Applied anatomy and physiology
The facial (seventh cranial, VII) nerve provides motor fibres to the muscles of facial expression. It originates in the seventh nerve nucleus in the brain stem (pons), en- ters the middle ear and mastoid and exits the skull at the stylomastoid foramen just in front of the mastoid process. From here it enters the parotid gland where it divides into its branches (Fig. 15.1). Paralysis can be caused by pathology anywhere along the nerve course or in the cortical nerves which control the nucleus (supranuclear or upper motor neurone fibres) resulting in asymmetric movement of some or all of the muscles of facial expression. Facial nerve palsy causes difficulty with smiling, frowning and expressing emotions. It is a devastating condition for the patient. The causes are numerous and are considered in Table 15.1.
‘Supranuclear’ or upper motor neurone causes will often spare the forehead as these muscles receive fibres from both facial nerve nuclei.
Clinical diagnosis
The patient presents with weakness of the facial muscles, difficulty in clearing food from inside the cheek, or drooling from one side of the mouth. Facial asymmetry is accentuated by asking the
patient to attempt to close the eyes tightly, show the teeth or whistle (Fig. 15.2).

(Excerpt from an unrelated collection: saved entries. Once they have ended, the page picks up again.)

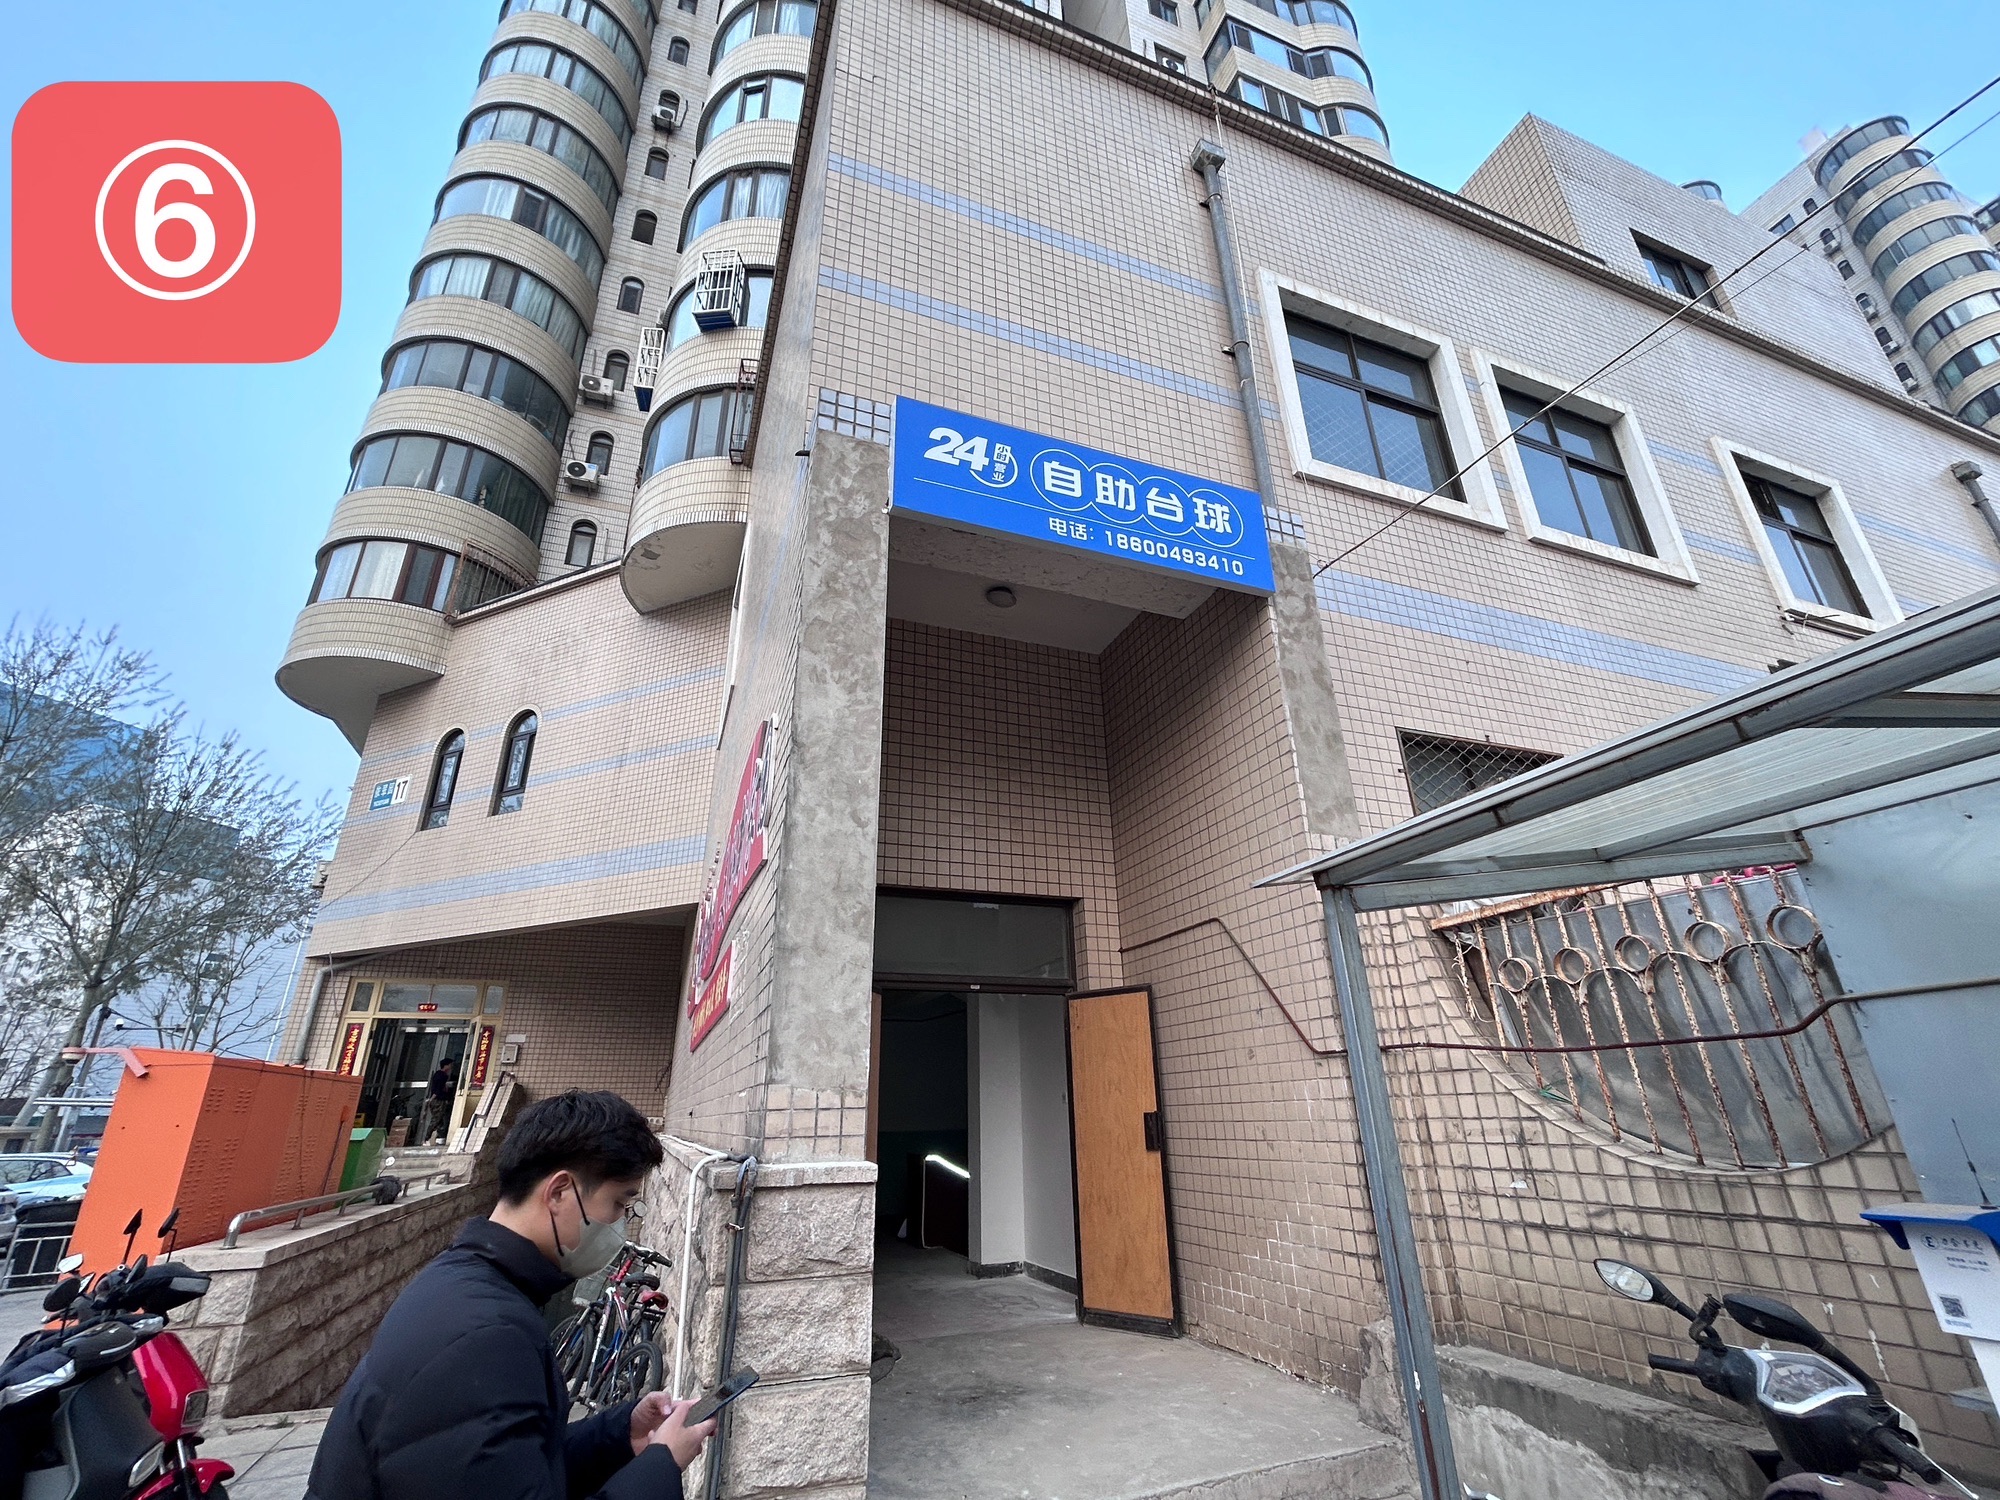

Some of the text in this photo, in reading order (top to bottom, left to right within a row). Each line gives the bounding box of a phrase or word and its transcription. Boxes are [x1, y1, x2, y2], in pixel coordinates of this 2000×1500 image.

[923, 427, 989, 471] 24
[1043, 461, 1232, 534] 自助台球
[394, 780, 408, 800] 17
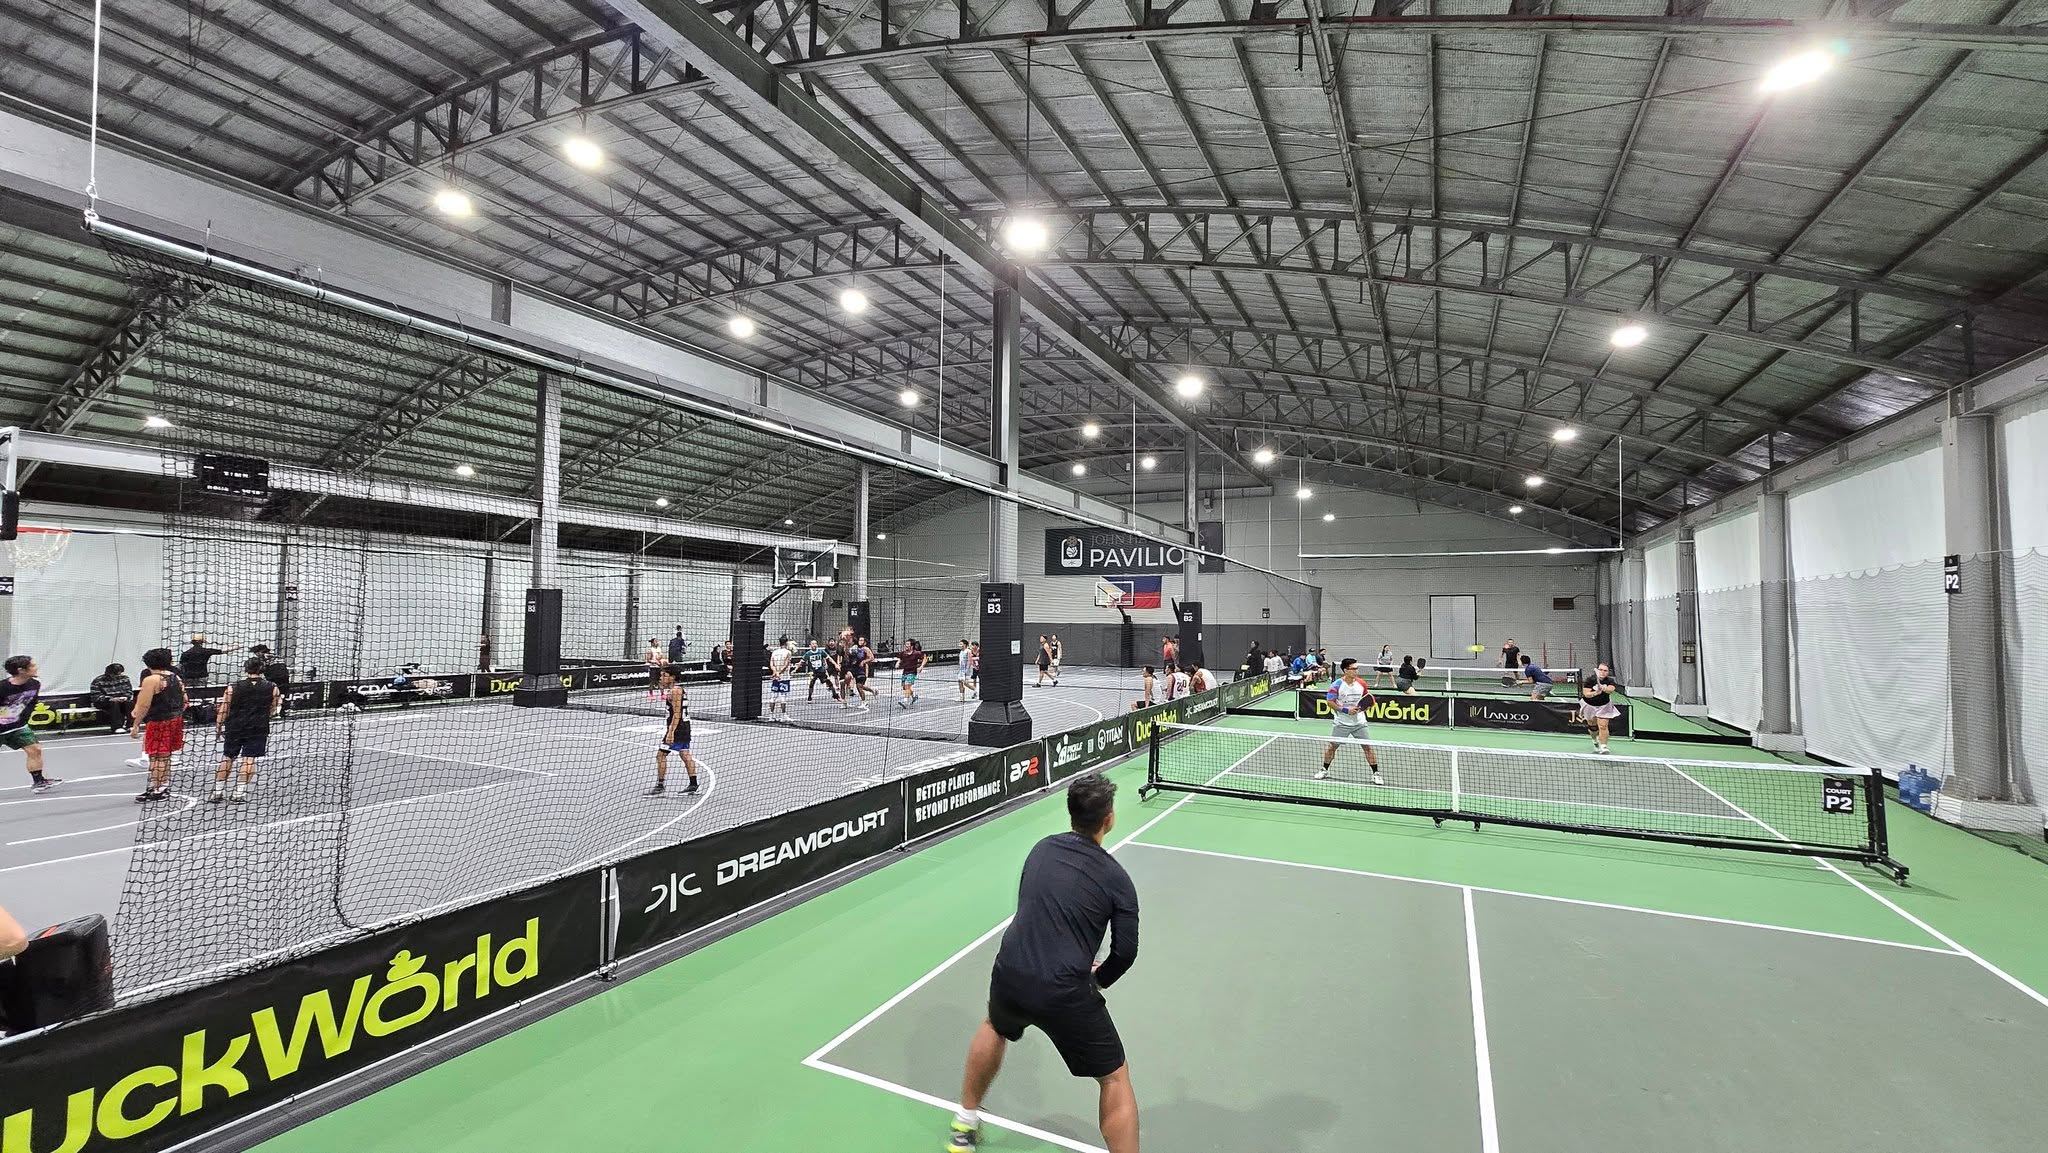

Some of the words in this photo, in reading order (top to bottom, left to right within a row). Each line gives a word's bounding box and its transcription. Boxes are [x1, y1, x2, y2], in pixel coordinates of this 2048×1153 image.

[1945, 574, 1960, 589] P2
[987, 603, 1001, 614] B3
[1316, 699, 1430, 721] DWorld
[1105, 725, 1123, 743] TITAN
[1136, 709, 1177, 742] DucWorld
[915, 779, 947, 803] BETTER
[947, 771, 975, 792] PLAYER
[1825, 787, 1852, 795] COURT
[915, 799, 949, 823] BEYOND
[949, 779, 1001, 811] PERFORMANCE
[1826, 795, 1853, 811] P2
[716, 808, 890, 887] DREAMCOURT
[2, 916, 539, 1153] uckWorld

Figure 15.2 Post traumatic right facial palsy. Shown at rest (a) and on attempted eye closure (b).
Involuntary movements (e.g. smiling) may be retained even in the lower face. A careful history and aural and neurological examination are essential. Sparing of the forehead suggests a supranuclear pathology. Impaired taste implies the lesion is above the origin of the chorda tympani; reduction of tear production (lacrimation) suggests the lesion is above the geniculate ganglion where the superficial petrosal nerve arises.

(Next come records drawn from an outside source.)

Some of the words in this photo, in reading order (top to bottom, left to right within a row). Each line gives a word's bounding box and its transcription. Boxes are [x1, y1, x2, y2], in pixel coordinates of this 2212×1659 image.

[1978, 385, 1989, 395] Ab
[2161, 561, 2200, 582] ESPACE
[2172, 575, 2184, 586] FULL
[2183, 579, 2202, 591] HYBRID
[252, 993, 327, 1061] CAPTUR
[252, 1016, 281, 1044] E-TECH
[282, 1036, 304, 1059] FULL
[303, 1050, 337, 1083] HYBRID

Bell’s palsy (idiopathic facial paralysis)
Bell’s palsy is a lower motor neurone facial palsy of unknown cause, but thought to be viral. Bell’s palsy may be complete or incomplete; the more severe the palsy, the worse the prognosis. In practice, full recovery may be expected in over 90% of cases. The remainder may develop persistent paraylsis and other complications including ectropion (weakness of the muscles of the lower eyelid causing persistent overflow of tears) or an aberrant sequence of movements of the face (synkinesis).

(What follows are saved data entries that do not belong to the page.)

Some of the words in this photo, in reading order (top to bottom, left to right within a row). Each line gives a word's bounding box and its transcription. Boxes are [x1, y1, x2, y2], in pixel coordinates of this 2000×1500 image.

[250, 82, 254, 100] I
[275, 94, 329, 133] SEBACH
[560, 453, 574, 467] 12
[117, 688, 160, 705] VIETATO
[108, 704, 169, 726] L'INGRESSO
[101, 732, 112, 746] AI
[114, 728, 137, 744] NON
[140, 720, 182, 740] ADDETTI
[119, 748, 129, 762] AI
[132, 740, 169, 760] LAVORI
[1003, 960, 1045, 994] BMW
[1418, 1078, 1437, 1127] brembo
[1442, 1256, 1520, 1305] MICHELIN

Assessment and investigations
• CT or MRI scanning may be needed if the symptoms persist or a specific cause (i.e. other than Bell’s palsy) is suspected.
• Electrodiagnosis is used in the assessment of the degree of involvement of the nerve and includes nerve conduction tests and electromyography. These tests are done in a specialist centre and be invaluable in predicting prognosis.
Management of Bell’s palsy
• Treatment of Bell’s palsy should be commenced as soon as possible.
• Prednisolone given orally is the treatment of choice, but it must commence in the first 72 hours. In an adult, start with 25 mgs twice daily for up to ten days.
• Be vigilant about eye care. The protective blink reflex may be lost and the cornea exposed, especially at night. An eyepad, a tape over the eyelids at night or in persistent cases a ‘tarsorrhaphy’ (surgical approximation of the eyelids) may be needed.
• Antivirals such as acyclovir seem to offer little benefit.
• Persistent facial palsy warrants referral and thorough investigation, including CT or MRI scanning.
Ramsay Hunt syndrome
This is due to herpes zoster infection of the geniculate ganglion, affecting more rarely the glossopharyngeal (IX) and vagus (X) nerves and, very occasionally, the trigeminal (V), abducens (VI) or hypoglossal (XII) nerves. The patient is usually elderly, and severe pain precedes the facial palsy. The patient often has vertigo, and the hearing is impaired. The characteristic clinical feature is a vesicular eruption in the ear (sometimes on the tongue and palate). Recovery of facial nerve function is much less likely than in Bell’s palsy.
Prompt treatment with acyclovir given orally may improve the prognosis and re- duce post-herpetic neuralgia.